The Computer Operator Trainee, Computer Operator I and Computer Operator II are differentiated on the basis of degree of supervisory control exercised by the supervisor over these employees. The Computer Operator Trainee learns to perform duties under close supervision, the Computer Operator I performs duties under close supervision at times and under general supervision at other times depending on the complexity of the specific duty being performed and Computer Operator II performs the full range of duties under general supervision.

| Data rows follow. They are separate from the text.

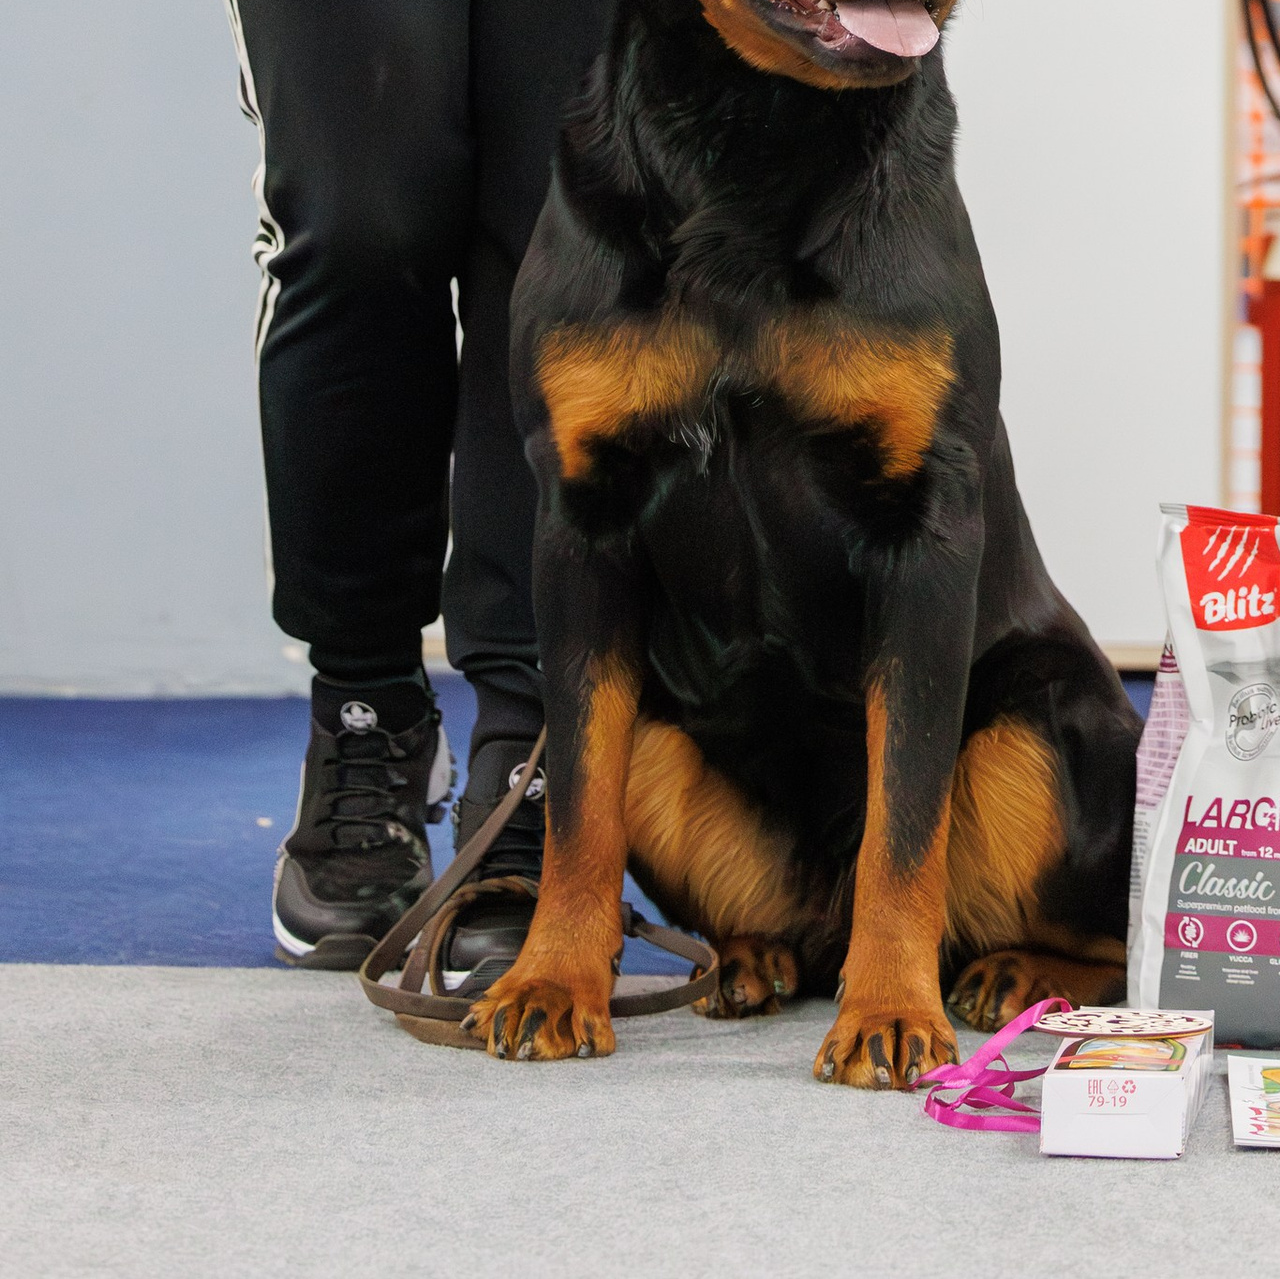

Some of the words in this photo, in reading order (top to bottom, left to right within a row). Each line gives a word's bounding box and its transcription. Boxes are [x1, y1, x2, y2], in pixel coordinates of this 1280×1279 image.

[1200, 584, 1275, 625] Blitz
[1184, 837, 1238, 856] ADULT
[1258, 846, 1273, 858] 12
[1179, 861, 1276, 901] Classic
[1177, 899, 1233, 913] Superpremium
[1233, 904, 1266, 916] petfood
[1088, 1095, 1127, 1108] 79-19
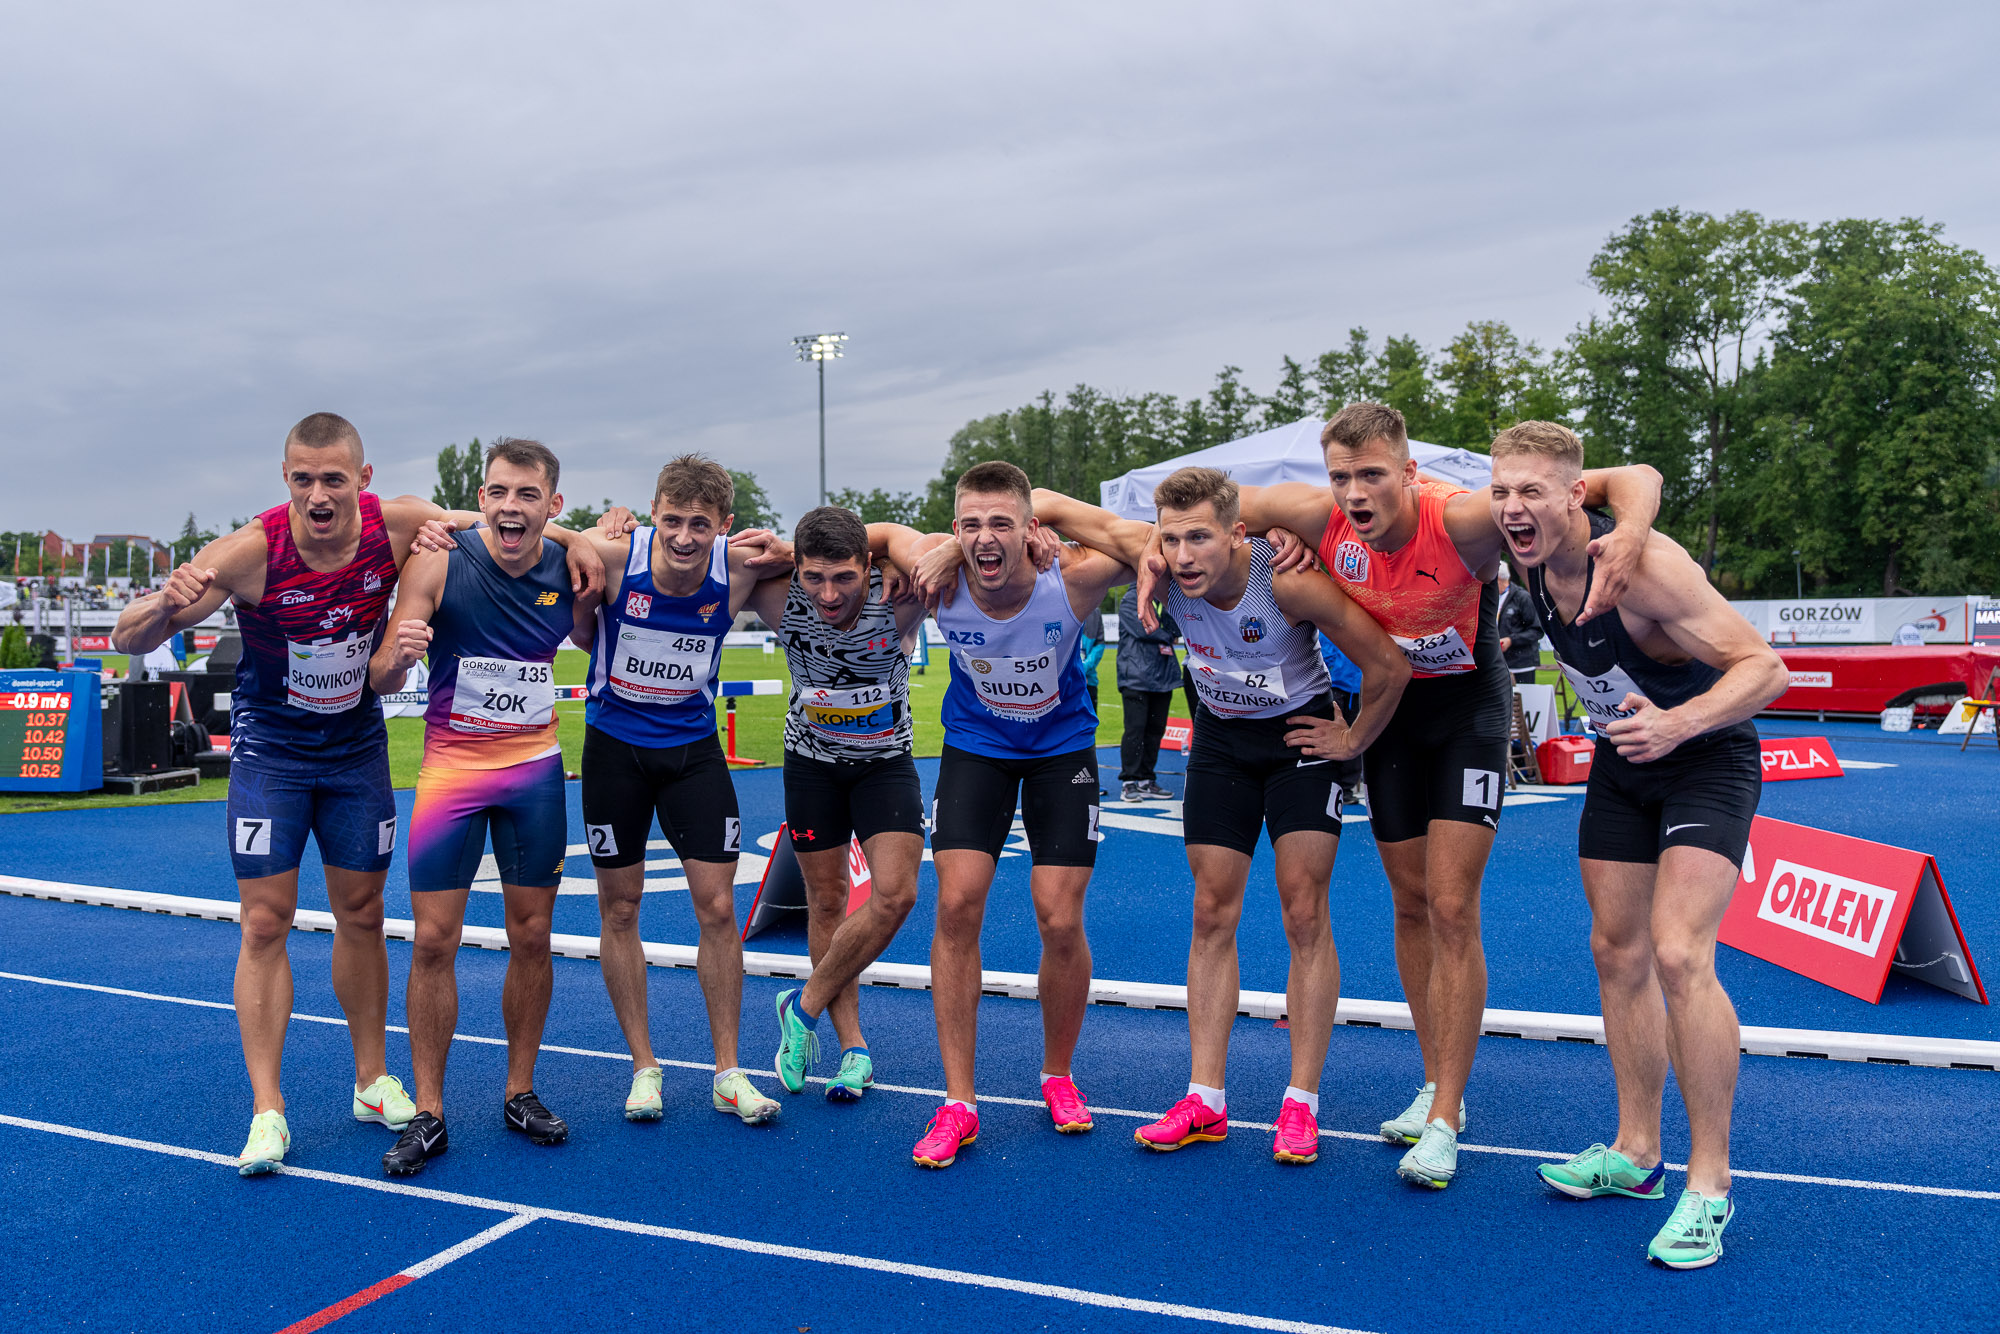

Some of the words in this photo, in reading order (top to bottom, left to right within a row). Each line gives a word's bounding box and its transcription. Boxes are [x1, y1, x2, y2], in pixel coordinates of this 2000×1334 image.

[282, 594, 314, 605] Enea
[1780, 603, 1862, 621] GORZÓW
[672, 637, 706, 653] 458
[948, 631, 985, 646] AZS
[462, 661, 507, 672] GORZÓW
[626, 656, 694, 681] BURDA
[1014, 656, 1049, 673] 550
[517, 666, 547, 683] 135
[1245, 674, 1268, 688] 62
[1790, 674, 1828, 683] polanik
[612, 685, 638, 698] GORZÓW
[640, 693, 681, 702] WIELKOPOLSKI
[981, 681, 1044, 697] SIUDA
[1196, 680, 1285, 707] BRZEZIŃSKI
[1586, 680, 1615, 693] 12
[8, 693, 39, 709] -0.9
[41, 693, 69, 709] m/s
[292, 698, 320, 710] GORZÓW
[482, 688, 528, 714] ŻOK
[851, 688, 883, 706] 112
[1036, 699, 1051, 708] Polski
[25, 713, 67, 727] 10.37
[473, 718, 486, 726] PZLA
[816, 710, 879, 728] KOPEĆ
[23, 730, 65, 744] 10.42
[21, 747, 63, 760] 10.50
[1761, 747, 1830, 771] PZLA
[19, 764, 61, 778] 10.52
[1072, 776, 1095, 784] adidas
[1475, 774, 1490, 804] 1
[243, 821, 263, 851] 7
[385, 820, 396, 850] 7
[592, 828, 610, 854] 2
[1770, 871, 1884, 944] ORLEN

Powers the computer system up or down by following operating procedures and entering commands on the control console,
Reads production schedules, job request forms and job documentation to determine what jobs to run, what procedures to follow and what input data to obtain;
Adjusts the production schedule and manipulates job streams to make the most efficient use of the computer and peripheral equipment and allow for the processing of special and emergency jobs;
Enters commands on the control console to open and close files as required to process specific jobs and to activate batch, backup and test jobs;
Loads paper and forms in printers, activates printers in response to computer messages and removes printouts from printers;
Hangs and loads tapes and activates tape drives and disk drives in response to computer messages;
Monitors the processing of jobs by observing the control console and correcting processing errors according to operating policies, procedures and job documentation;
Verifies that complete and correct output has been produced for each job and maintains control counts of numbered forms, checks and other negotiable documents;
Enters commands on the control console to bring up and take down on-line systems;
Observes the control console and responds to on-line system messages to keep the system up;
Responds to calls from on-line system users regarding system problems and follows procedures in systems and device manuals to restore system access;
Monitors on-line systems by entering simulated data, determining if valid responses are received and maintaining a record of response times;
Notifies programmers, technical support staff and users of program and system problems;
Maintains records of computer and system downtime;
Cleans, adjusts and makes minor repairs to computer equipment;
May place service calls to vendors to explain the nature of equipment and line malfunctions;
May perform production control duties such as scheduling, input and output control and tape library management;
Performs other related duties.
A Class Description provides information about the Nature of Work, Examples of Work and General Requirements for a classification in the Management Service or a classification in the Skilled or Professional Service in which all positions have been designated Special Appointments. Required Knowledge, Skills, and Abilities; Minimum Education and Experience Requirements; Special Requirements; and recruitment and testing procedures are set by the using agency.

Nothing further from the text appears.